■ **Records shown**:
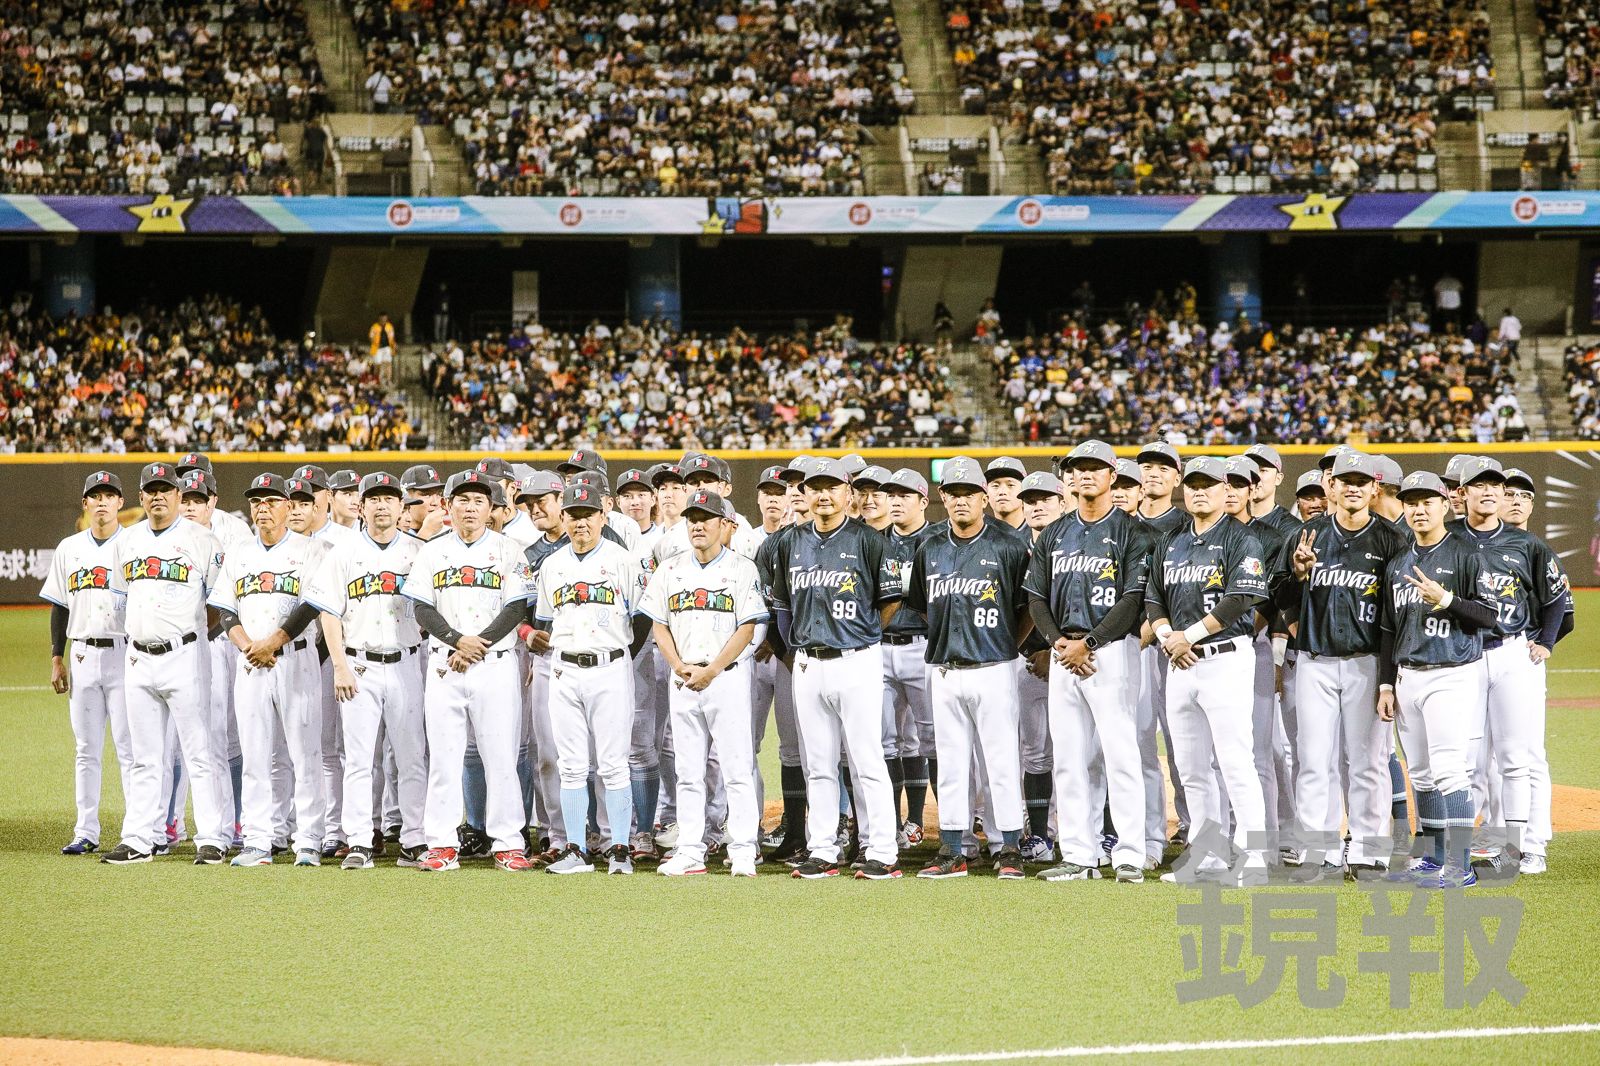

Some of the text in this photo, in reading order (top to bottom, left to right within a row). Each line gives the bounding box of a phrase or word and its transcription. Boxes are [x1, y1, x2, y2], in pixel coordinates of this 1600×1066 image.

[1052, 549, 1113, 580] Taiwan
[1163, 560, 1218, 591] Taiwan
[1310, 562, 1378, 591] Taiwan
[790, 564, 852, 595] Taiwan
[927, 570, 993, 603] Taiwan
[1090, 585, 1116, 607] 28
[832, 599, 857, 620] 99
[973, 607, 999, 629] 66
[1358, 600, 1378, 623] 19
[1496, 601, 1517, 625] 17
[1424, 616, 1451, 639] 90

■ **Task brief**: A word-for-word copy of the records is needed, with no pictures carried over.

■ **Task result**:
Some of the text in this photo, in reading order (top to bottom, left to right within a row). Each line gives the bounding box of a phrase or word and its transcription. Boxes are [x1, y1, x2, y2], in pixel coordinates of this 1600×1066 image.

[1052, 549, 1113, 580] Taiwan
[1163, 560, 1218, 591] Taiwan
[1310, 562, 1378, 591] Taiwan
[790, 564, 852, 595] Taiwan
[927, 570, 993, 603] Taiwan
[1090, 585, 1116, 607] 28
[832, 599, 857, 620] 99
[973, 607, 999, 629] 66
[1358, 600, 1378, 623] 19
[1496, 601, 1517, 625] 17
[1424, 616, 1451, 639] 90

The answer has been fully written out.